Imperfections in the data come from the electron optics (astigmatism, spherical aberration, etc.), background noise, shot noise, alignment error, etc. Let us assume an additive noise model for the 2D projection data, such that it can be “back-projected,” leading to an additive noise model for the 3D volumes. That is, in (3) we have that, for i = 1, 2, y_i =R_i (x_i + g_i)=R_ix_i + h_i, for some g_i and h_i = R_ig_i, which are respectively the 3D and 2D noise component. This is realizable if, for instance, h_i consists of uniform independent Gaussians at the pixels, the reconstruction region is spherical, and g_i are independent Gaussians at the voxels, with lower variance close the center of the volume than away from the center. Accordingly, (7) becomes $x_{BS} ≃ \frac{1}{H} \sum_{h = 1}^{H} (x^{h} + g^{h})$ . The variance of x_BS is thus composed of two terms: one that is due to the class difference, which is the signal part (computed as $\frac{p (1 - p)}{H} d_{j}^{2}$ , where d_j is the difference between x₁ and x₂ at voxel j, for j = 1, …, J) and the other term that is due to noise. Since both terms are scaled by factor H, the signal-to-noise ratio (SNR) for detecting class difference will not be improved by increasing H.

2.5. Classification using bootstrap method

An immediate consequence of the fact that the bootstrap volumes are convex combinations of the class volumes is that the space spanned by the bootstrap volumes approximates that spanned by the class volumes. Hence, for each projection image we can restrict ourselves in that space to estimate the volume that generated that projection. Ideally, these estimated volumes cluster around the true class volumes.

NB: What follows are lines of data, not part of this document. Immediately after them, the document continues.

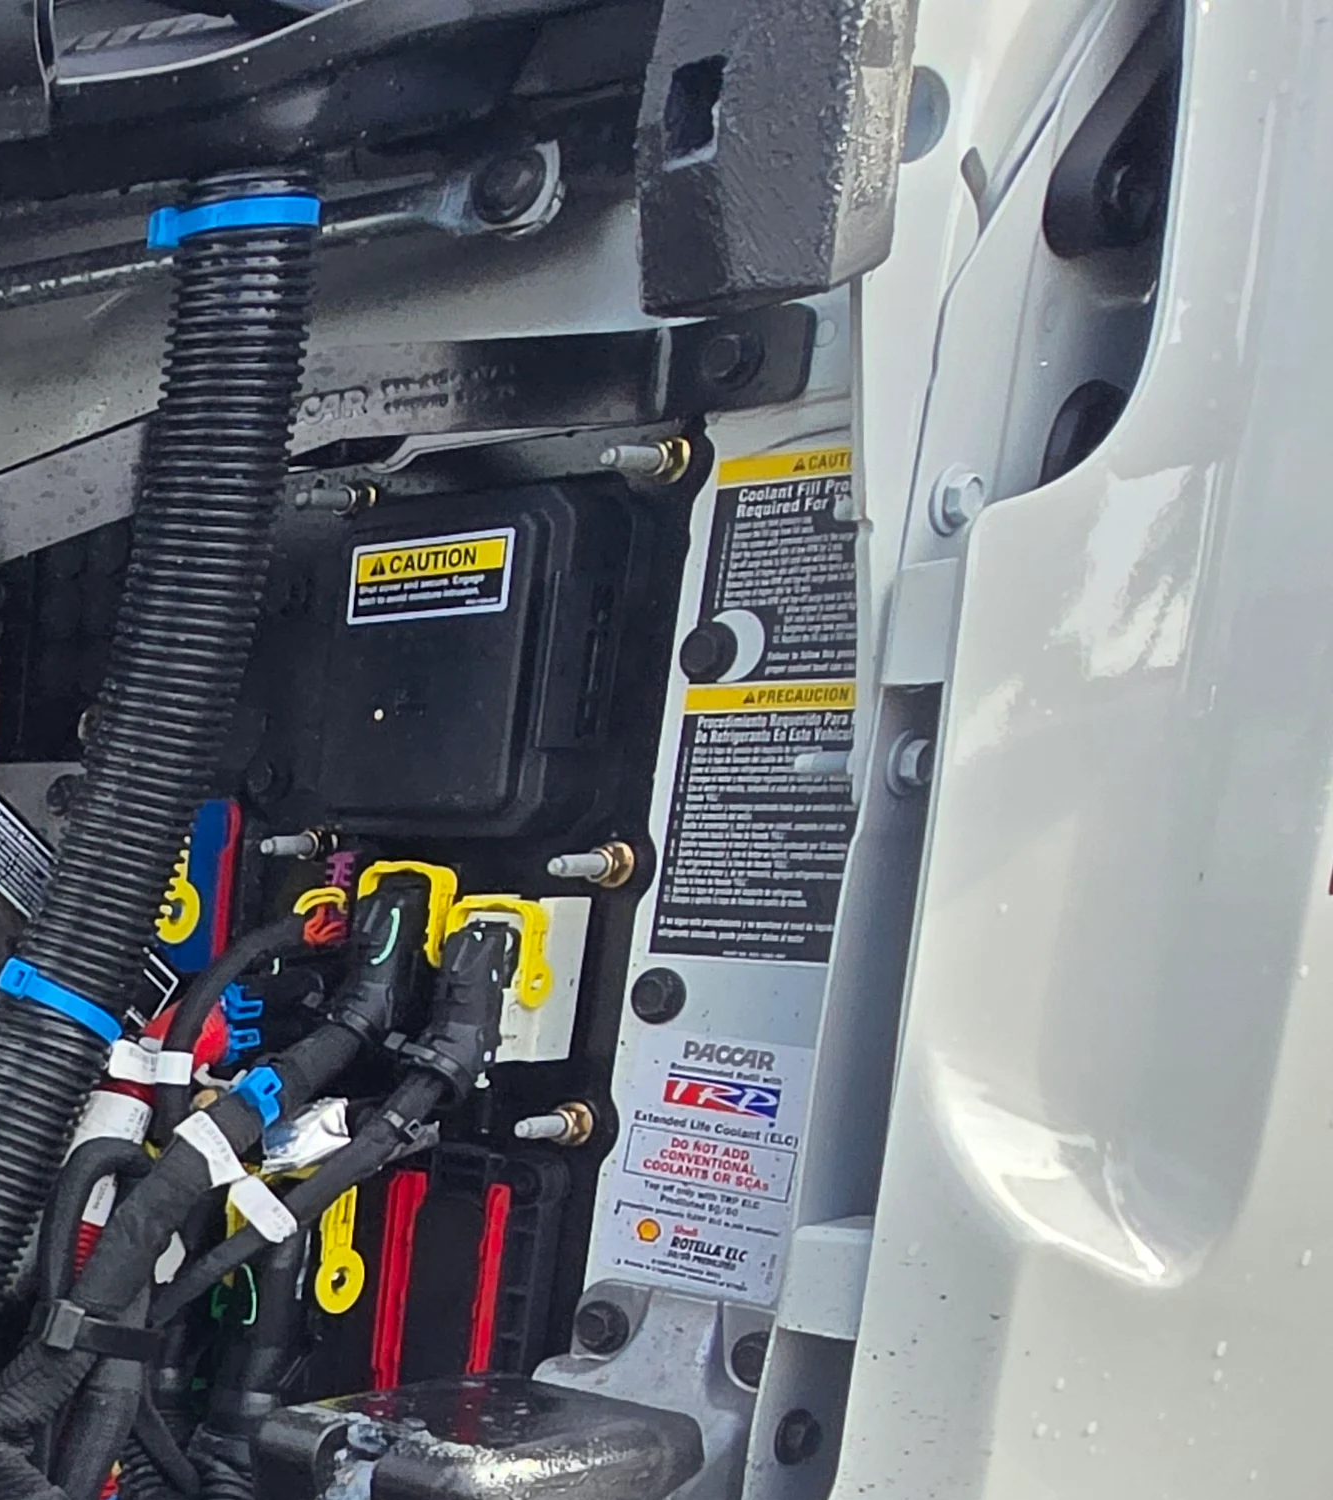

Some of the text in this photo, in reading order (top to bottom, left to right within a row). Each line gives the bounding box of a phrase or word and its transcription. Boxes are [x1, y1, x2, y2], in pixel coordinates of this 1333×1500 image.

[738, 485, 792, 503] Coolant
[797, 482, 819, 497] Fill
[736, 498, 829, 518] Required For
[390, 547, 477, 574] CAUTION
[757, 687, 850, 704] PRECAUCION
[683, 1040, 776, 1071] PACCAR
[671, 1080, 778, 1112] TRP
[634, 1110, 799, 1149] Extended Life Coolant (ELC)
[660, 1149, 757, 1176] CONVENTIONAL
[671, 1137, 750, 1161] DO NOT ADD
[643, 1159, 770, 1191] COOLANTS OR SCAs
[725, 1247, 748, 1263] ELC

We now proceed to consider the case of M ≥ 2 classes. Suppose we have generated a sufficient number of bootstrap volumes and H is large enough, so that their principal directions are close to the principal directions of the space of the class volumes. Let $z_{1}, \dots, z_{N} \in R^{J}$ be the resulting eigen-volumes and z₀ the average volume. Given a projection image y_P, we wish to find an element z (α) in that space (reconstitution problem); i.e., $z (α) = z_{0} + \sum_{n = 1}^{N} α_{n} z_{n}$ , such that the discrepancy between its projection $P z (α) \in R^{I}$ (in the same orientation as that of y_P) and y_P is minimized. For simplicity, in this paper we choose the discrepancy to be the Euclidean distance

∣ ∣ \sum_{n = 1}^{N} α_{n} P z_{n} + P z_{0} - y_{p} ∣ ∣ .

(8)

To avoid shift and scale variabilities, y_P and Pz_n, 0 ≤ n ≤ N, are replaced by their normalized (to zero mean and unit variance) version, prior to computing α in (8).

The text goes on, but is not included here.